The grandmother walked close to the blue van, picked up her granddaughter so she could see inside, and looked the band over closely.
“Who’s the lead singer?” the granddaughter asked.
“I am,” Thomas said.
“Well, then,” the granddaughter said directly to Thomas. “Just go back down the way you came, take a left at the first intersection after a big tree stump painted red. Drive down that road for a while and then take the first right you see. About three mailboxes down that way is the Tipi Pole Tavern.”
“Thanks, cousin,” Thomas said, and the blue van pulled back onto the highway and made its way to the tavern.
“Jesus,” Junior said. “Ain’t that the way it always is? They only want to talk to the lead singer. All they want to know is the lead singer. Lead singer this. Lead singer that.”
“Enit,” Victor said. “Where the fuck would Mick Jagger be without Keith Richards?”
“He’d be at the Tipi Pole Tavern,” Thomas said, “already done with the sound check.”
The blue van pulled up to the tavern only two hours later than scheduled. A little old Flathead man sat alone by the front door. The tavern was closed, but that old man wanted to be the first customer when it opened.
“Ya-hey,” the old Indian man called out.
“Ya-hey,” the blue van called back.
“Are you the band?”
“Yeah, we’re Coyote Springs.”
“Little bit early, enit?”
“We thought we was two hours late by real time. At least an hour late by Indian time.”
“Shit, people out here work on double Indian time. You could’ve showed up tomorrow and been okay. What kind of music you play, anyway?”
“Little bit of everything. Whole bunch of the blues.”
“Reservation blues, huh?”
“That’s it, uncle.”
Coyote Springs climbed out of the blue van and sat with the old man. They offered him cigarettes, candy, dirty jokes. Then it was dark.
“About time,” the Flathead said.
“Time for what?”
The old man pointed down the road and smiled as dozens of headlights appeared.
“Shit,” Victor said. “It’s either your whole damn tribe or the cavalry.”
“Well,” the old man said, “we heard you was an all-Indian band, and we wanted to hear you play. I guess even some of the sober ones are coming. Hope the bar has enough Diet Pepsi.”

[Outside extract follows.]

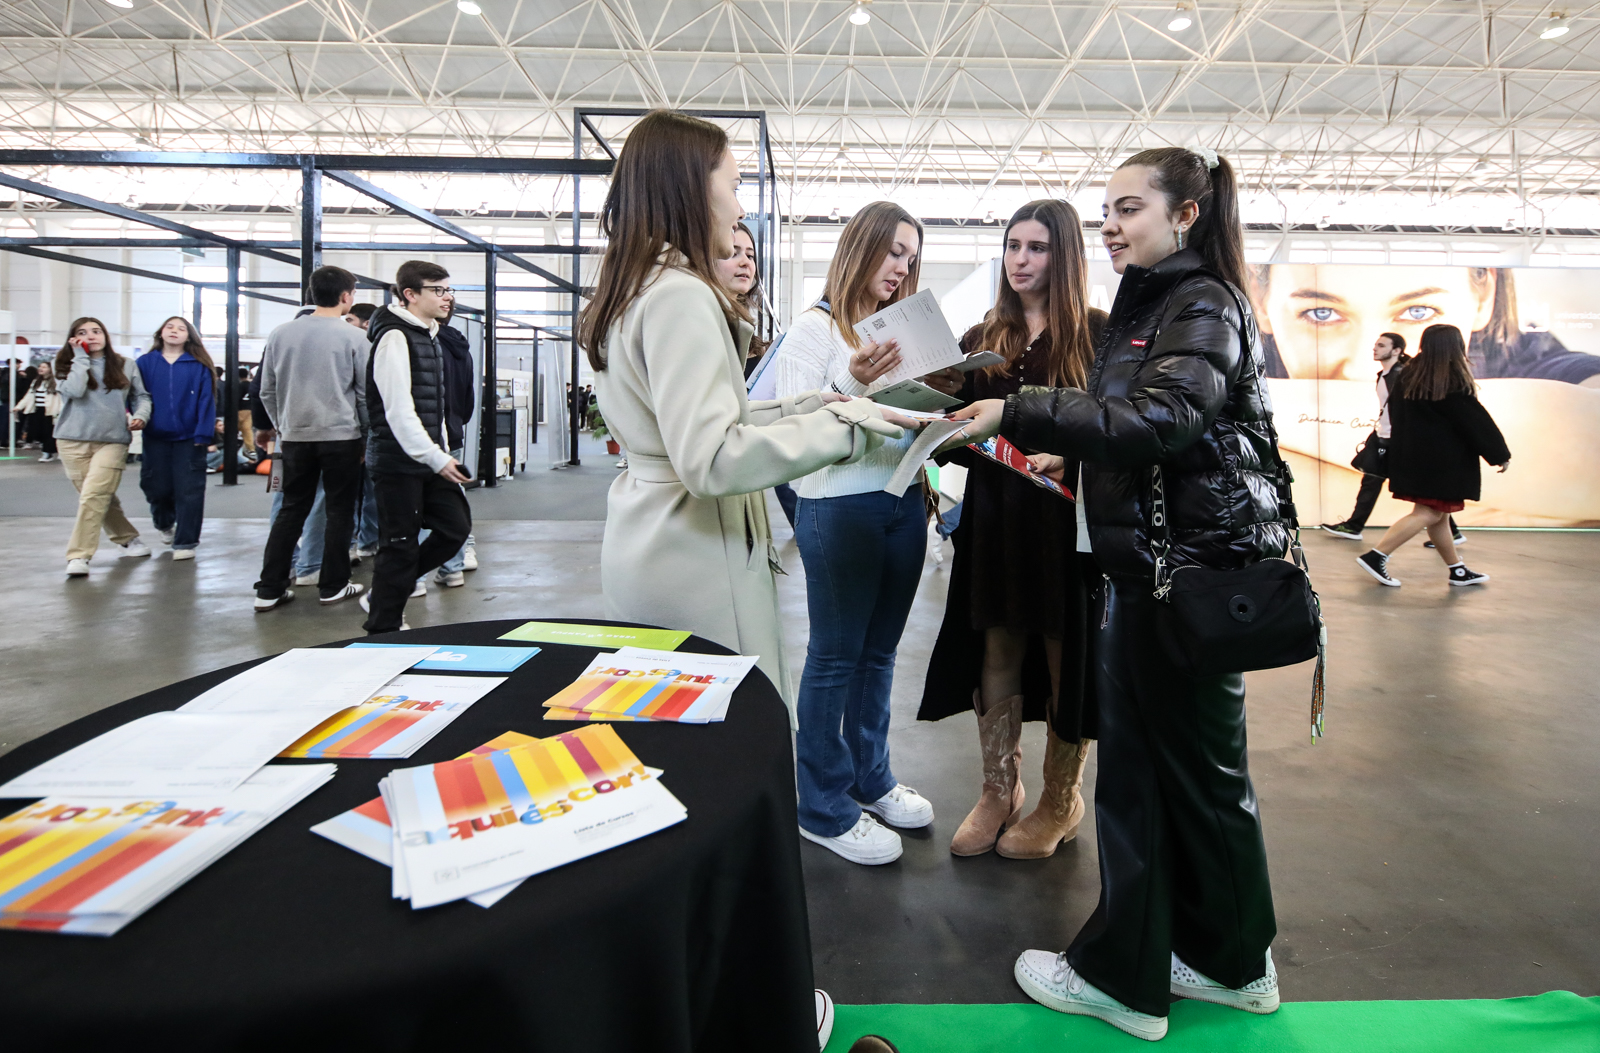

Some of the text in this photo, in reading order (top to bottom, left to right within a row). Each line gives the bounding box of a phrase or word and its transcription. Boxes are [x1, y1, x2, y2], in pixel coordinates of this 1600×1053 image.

[403, 764, 651, 847] aqui és cor!

The owner of the bar pulled up. He took a minute getting out of his pickup because of his enormous cowboy hat and dinner-plate belt buckle engraved with the name JIMMY. The cowboy hat and belt buckle walked up to Coyote Springs and the old man.
“You must be Coyote Springs,” he said.
“Yeah, we are. You must be Jimmy.”
“Nah,” the man said and looked down at his belt buckle. “I ain’t Jimmy. Not really.”
“Well,” Thomas said, confused. “We really are Coyote Springs.”
“The one and only,” Victor said.
“So,” the bar owner asked, “who’s the lead singer?”
Thomas raised his hand.
“Let’s go, then.”
The tavern soon filled with Indians of all sizes, shapes, and colors. They all waited to hear Coyote Springs for the first time.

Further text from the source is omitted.